Für die Inszenierung brachte Jung von Matt das stachlige Sofa bewusst in einen unerwarteten Kontext und platzierte es direkt vor einem großen, schwedischen Einrichtungshaus in Wien, wo sich normalerweise alles um Komfort und Gemütlichkeit dreht. „Die Idee der Uncomfy Couch bringt unsere Mission unbequem auf den Punkt: Leute von der Couch zurück ins echte Leben holen“, so Christoph Klingler, CEO von oeticket. 

Die Installation dient zugleich als Bühne für drei kostenlose Konzerte. Den Auftakt machte Sofie Royer am 1. September. Am Mittwoch, dem 2. September folgte Musikerin Sodl, einen Tag darauf Marley Wildthing. Zusätzlich verlost oeticket vor Ort drei Gutscheine im Wert von jeweils 250 Euro. Informationen zur Teilnahme erhielten Besucher:innen direkt bei der Installation.

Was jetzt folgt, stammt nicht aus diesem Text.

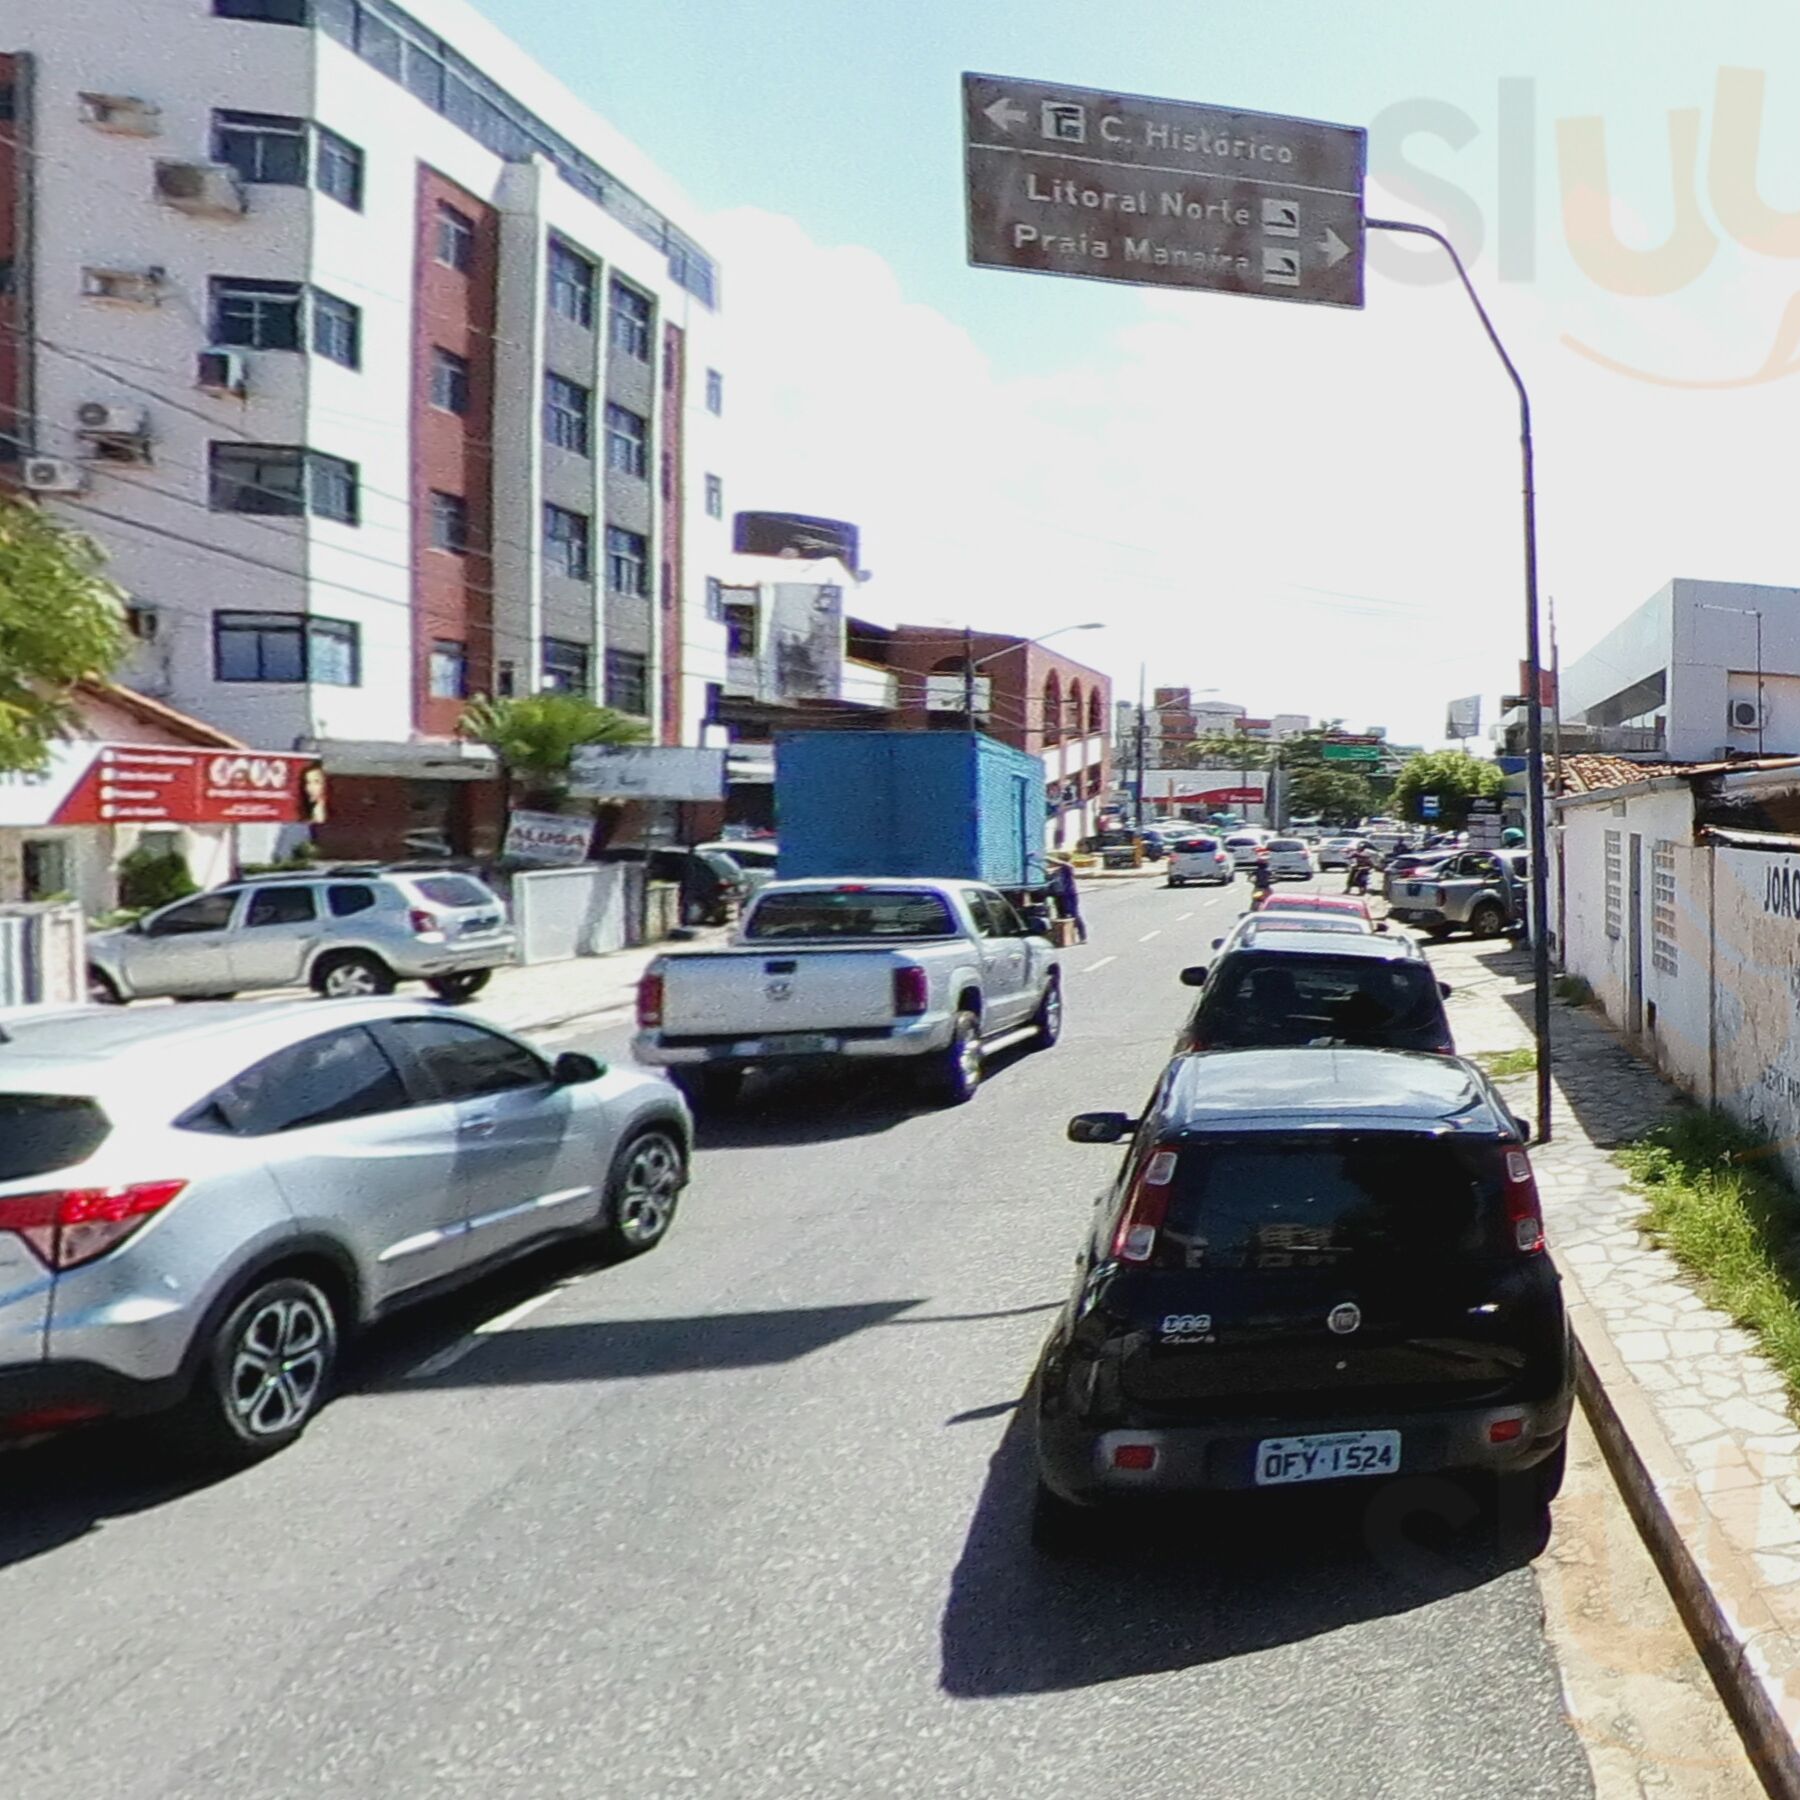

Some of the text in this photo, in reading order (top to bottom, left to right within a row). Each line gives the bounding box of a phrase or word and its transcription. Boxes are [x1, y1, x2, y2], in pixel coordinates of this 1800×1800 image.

[1100, 115, 1293, 164] C. Histórico
[1025, 173, 1250, 226] Litoral Norte
[1014, 223, 1110, 260] Praia

Kampagne reagiert auf verändertes Ausgehverhalten

Hinter der Aktion steht die Annahme, dass Streamingplattformen, soziale Medien und andere digitale Angebote das Zuhausebleiben zu einer stärkeren Konkurrenz für Live-Veranstaltungen gemacht haben. oeticket beauftragte dazu eine Marketagent-Befragung. Laut einem Bericht von The Gap gaben sechs von zehn Befragten zwischen 14 und 45 Jahren an, lieber zu Hause zu bleiben, als auszugehen. 

Zugleich spricht die Entwicklung der Ticketverkäufe nicht für einen generellen Rückzug von Live-Veranstaltungen. Klingler beziffert die Verkäufe auf rund 20 Prozent über dem Niveau vor der Covid-19-Pandemie. Das größere Problem sieht er vielmehr darin, dass sich Besucher:innen stärker auf einzelne, meist teurere Großveranstaltungen konzentrierten. Für kleinere und weniger bekannte Acts werde es dadurch schwieriger, Publikum zu erreichen. 

Von der Installation zum Social-first-Content

Die „Uncomfy Couch“ ist für oeticket damit nicht nur ein Appell zum Ausgehen, sondern vor allem ein aufmerksamkeitsorientiertes Kampagnenmotiv. Über soziale Medien, Influencer:innen-Kooperationen und Medienberichterstattung soll die Installation auch über ihren Standort hinaus Reichweite erzielen.